Case Name : Jhodinda Bhojpura Gram Sewa Sahakari Samiti Ltd Vs ITO (ITAT Jaipur)
Appeal Number : ITA. No. 29/JP/2022
Date of Judgement/Order : 11/03/2022
Related Assessment Year : 2010-11

Jhodinda Bhojpura Gram Sewa Sahakari Samiti Ltd Vs ITO (ITAT Jaipur)

It is well-settled that assessment proceedings and penalty proceedings are separate and distinct and as held by the Supreme Court in the case of Ananthraman Veera singhaiah & Co.Vs. CIT [1980] 123 ITR 457, the finding in the assessment proceedings cannot be regarded as conclusive for the purposes of the penalty proceedings. It is, therefore, necessary to reappreciate and reconsider the matter so as to find out as to whether the addition made in the proceedings actually represents the concealment on the part of the assessee as envisaged in section 271(1)(c) and whether it is a fit case to impose the penalty by invoking the said provisions.

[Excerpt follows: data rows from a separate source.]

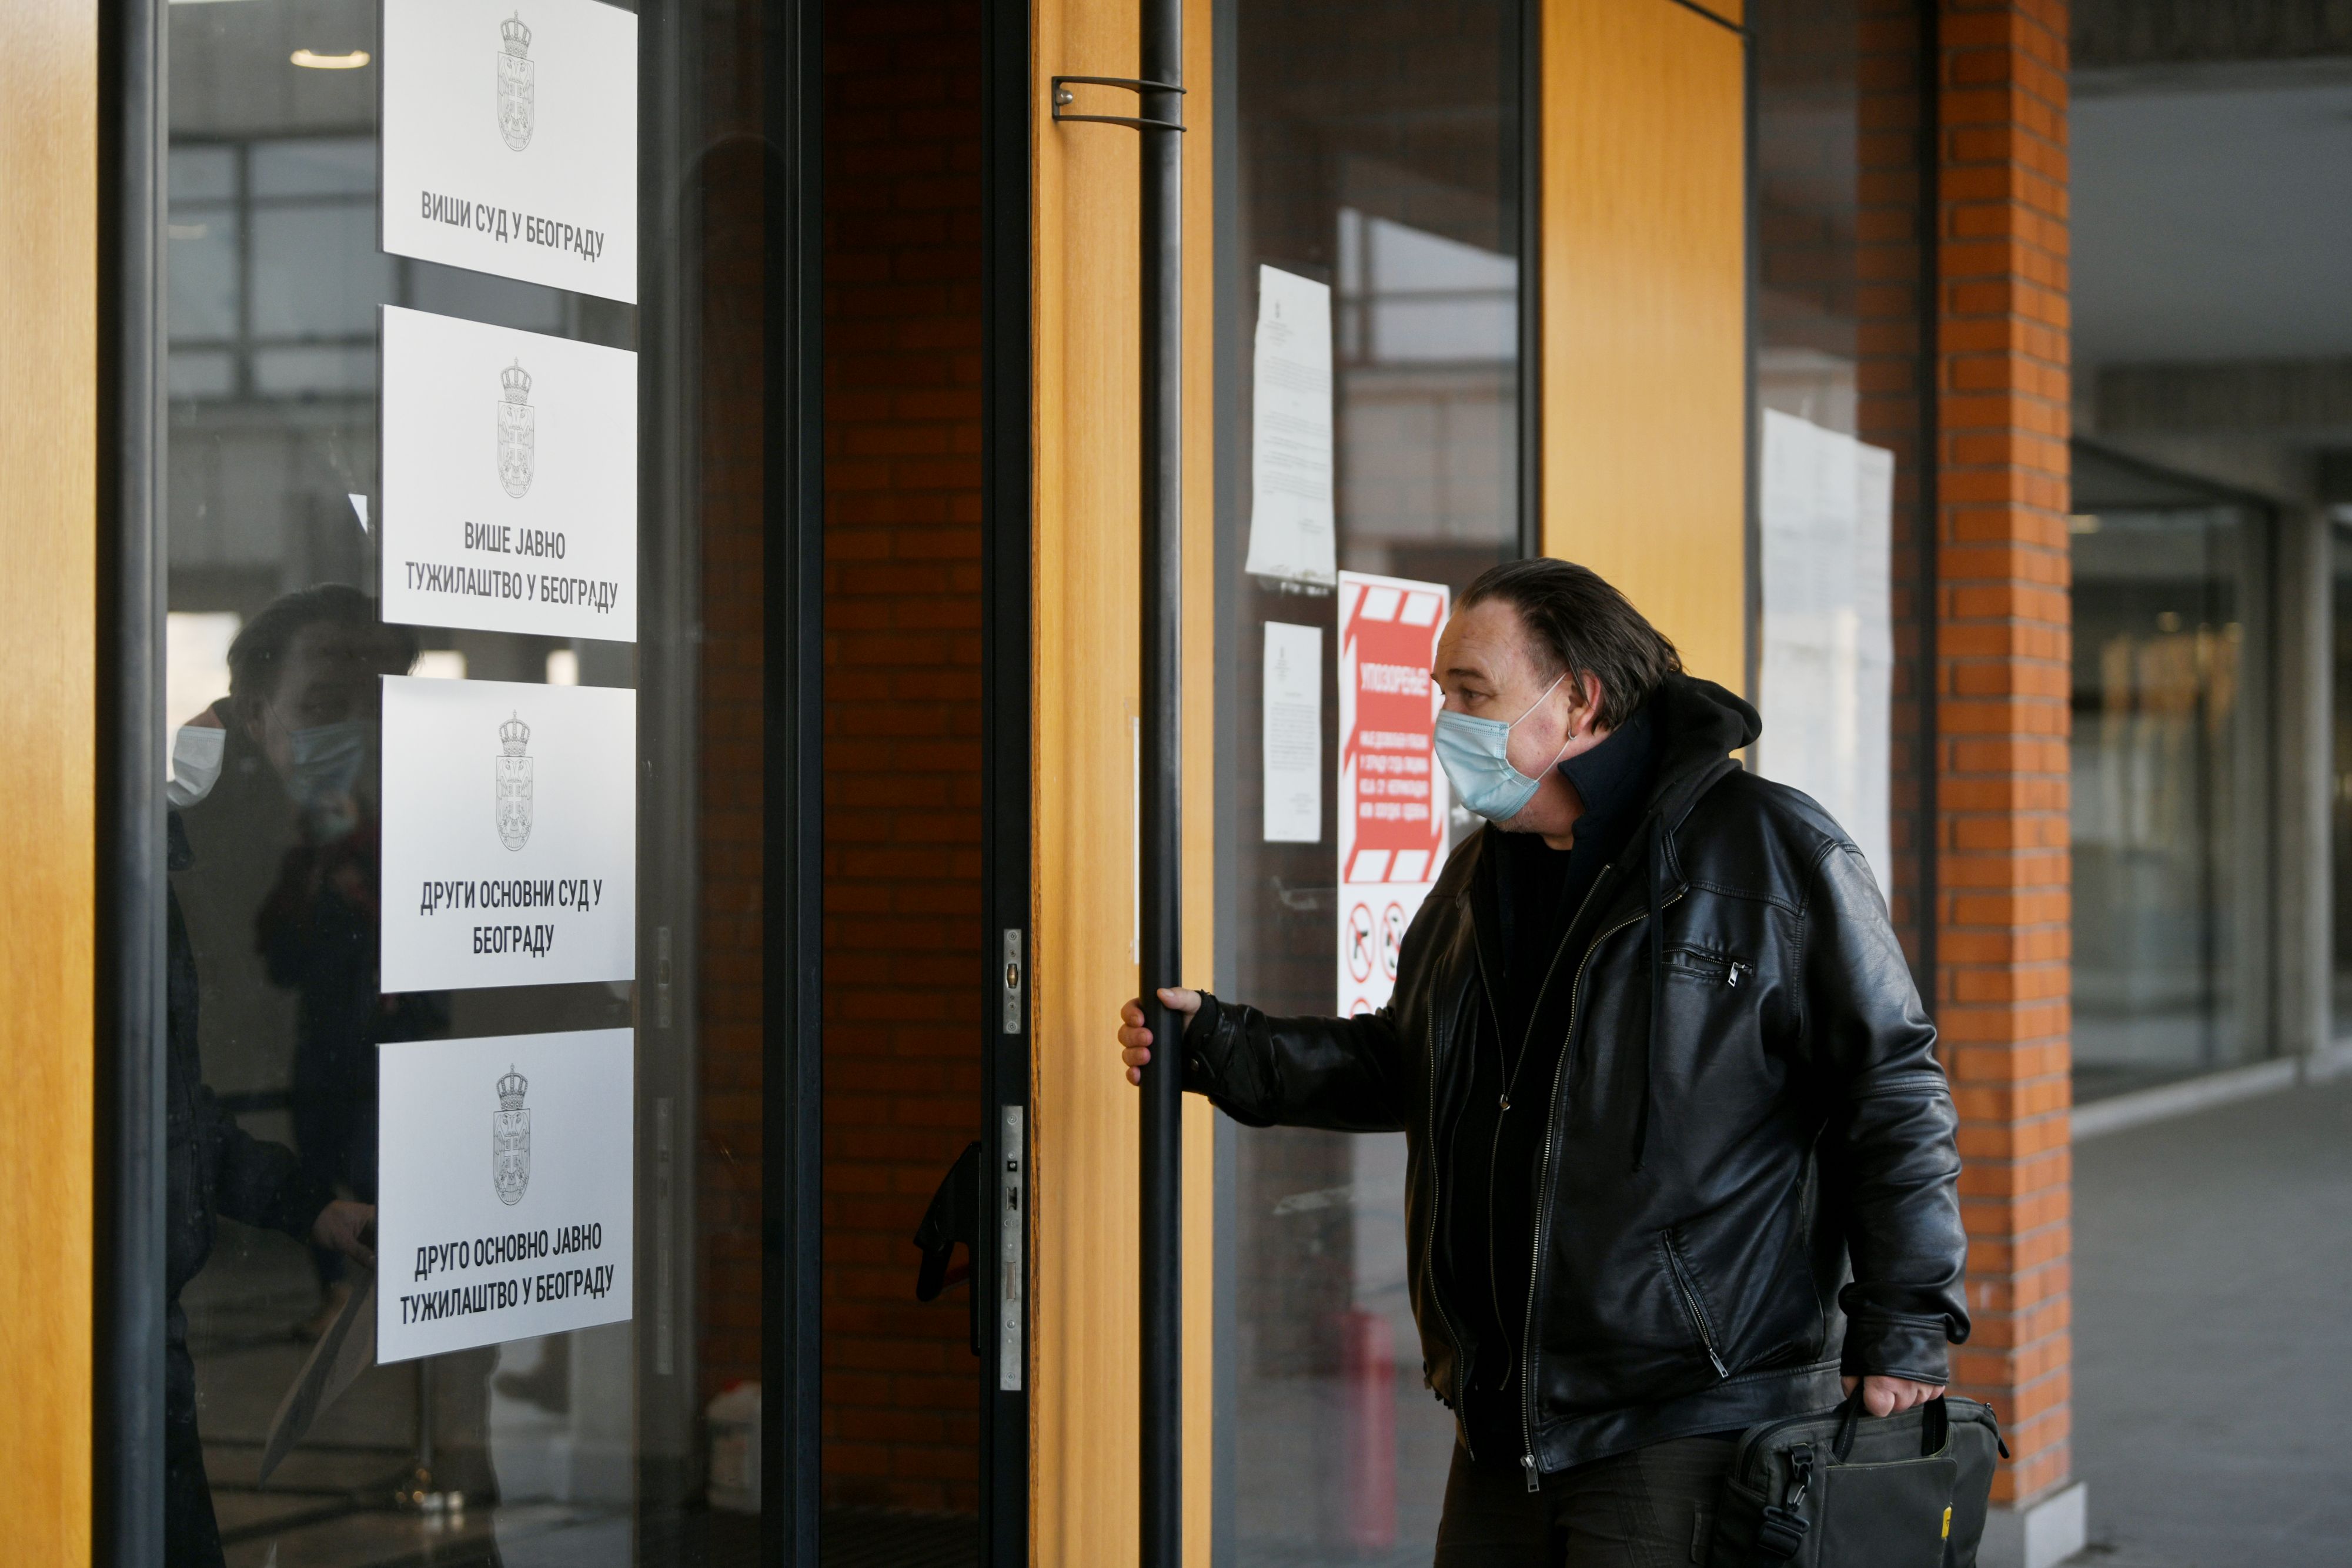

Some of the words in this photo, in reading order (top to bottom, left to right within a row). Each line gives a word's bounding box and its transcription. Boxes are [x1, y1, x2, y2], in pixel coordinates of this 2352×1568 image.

[422, 190, 470, 229] ВИШИ
[476, 203, 508, 243] СУД
[512, 212, 522, 239] У
[526, 215, 604, 263] БЕОГРАДУ
[465, 521, 511, 554] ВИШЕ
[515, 528, 566, 560] ЈАВНО
[405, 561, 522, 600] ТУЖИЛАШТВО
[526, 573, 536, 601] У
[541, 575, 618, 614] БЕОГРАДУ
[420, 881, 475, 916] ДРУГИ
[480, 880, 554, 908] ОСНОВНИ
[559, 879, 590, 912] СУД
[593, 879, 603, 906] У
[473, 924, 554, 958] БЕОГРАДУ
[414, 1241, 470, 1282] ДРУГО
[474, 1229, 549, 1267] ОСНОВНО
[552, 1222, 602, 1256] ЈАВНО
[400, 1279, 518, 1325] ТУЖИЛАШТВО
[522, 1276, 533, 1305] У
[536, 1263, 614, 1303] БЕОГРАДУ

We find that there is no finding of the AO based on some contradictory evidence to disapprove that explanation offered by the assessee was false or the assessee was not able to substantiate the explanation furnished or fails to prove that such explanation is not bona fide and that all the facts relating to the same and material to the computation of his total income has not been disclosed by him. Therefore the order on the CIT(A) is accordingly set aside and thus penalty u/s 271(1)(c) levied by the AO is not in accordance with law therefore same is cancelled.

FULL TEXT OF THE ORDER OF ITAT JAIPUR

This is an appeal filed by the assessee directed against the order of the National Faceless Appeal Centre, Delhi (hereinafter called as ‘NFAC’) dated 26.11.2021 penalty of Rs.3,87,000/- levied u/s. 271 (1) (c) of the Income Tax Act, 1961 (in short ‘’the Act”) for the Assessment year 2010-11.

2. The Assessee raised the following grounds of appeal:

“1. That the subject order passed by the Ld CIT(A) is liable to be quashed as the order is passed in haste manner, without taking into consideration the written submission, facts, documents and evidences as furnished by appellant available on record.

2. That on the facts and in law, the Ld. CIT(A) and the Assessing officer in levying penalty under section 271(1)(c) of the Act have failed to appreciate and consider the facts of the case that:

a. The appellant was not required to file the return under the law as the appellant’s income was below the amount not chargeable to tax (Duly submitted by the Appellant vide his submission dated 25 July 2021);

b. The appellant has not sold any capital asset during the year;

c. The cash deposited of INR 12,51,000/- was out of the surplus withdrawals made from the bank account for the purpose of making payments to the workers under NREGA

3. The Ld CIT(A) have violated the principle of natural justice as no opportunity of being heard was provided to the Appellant on specifically being asked for, therefore, the order should be deleted.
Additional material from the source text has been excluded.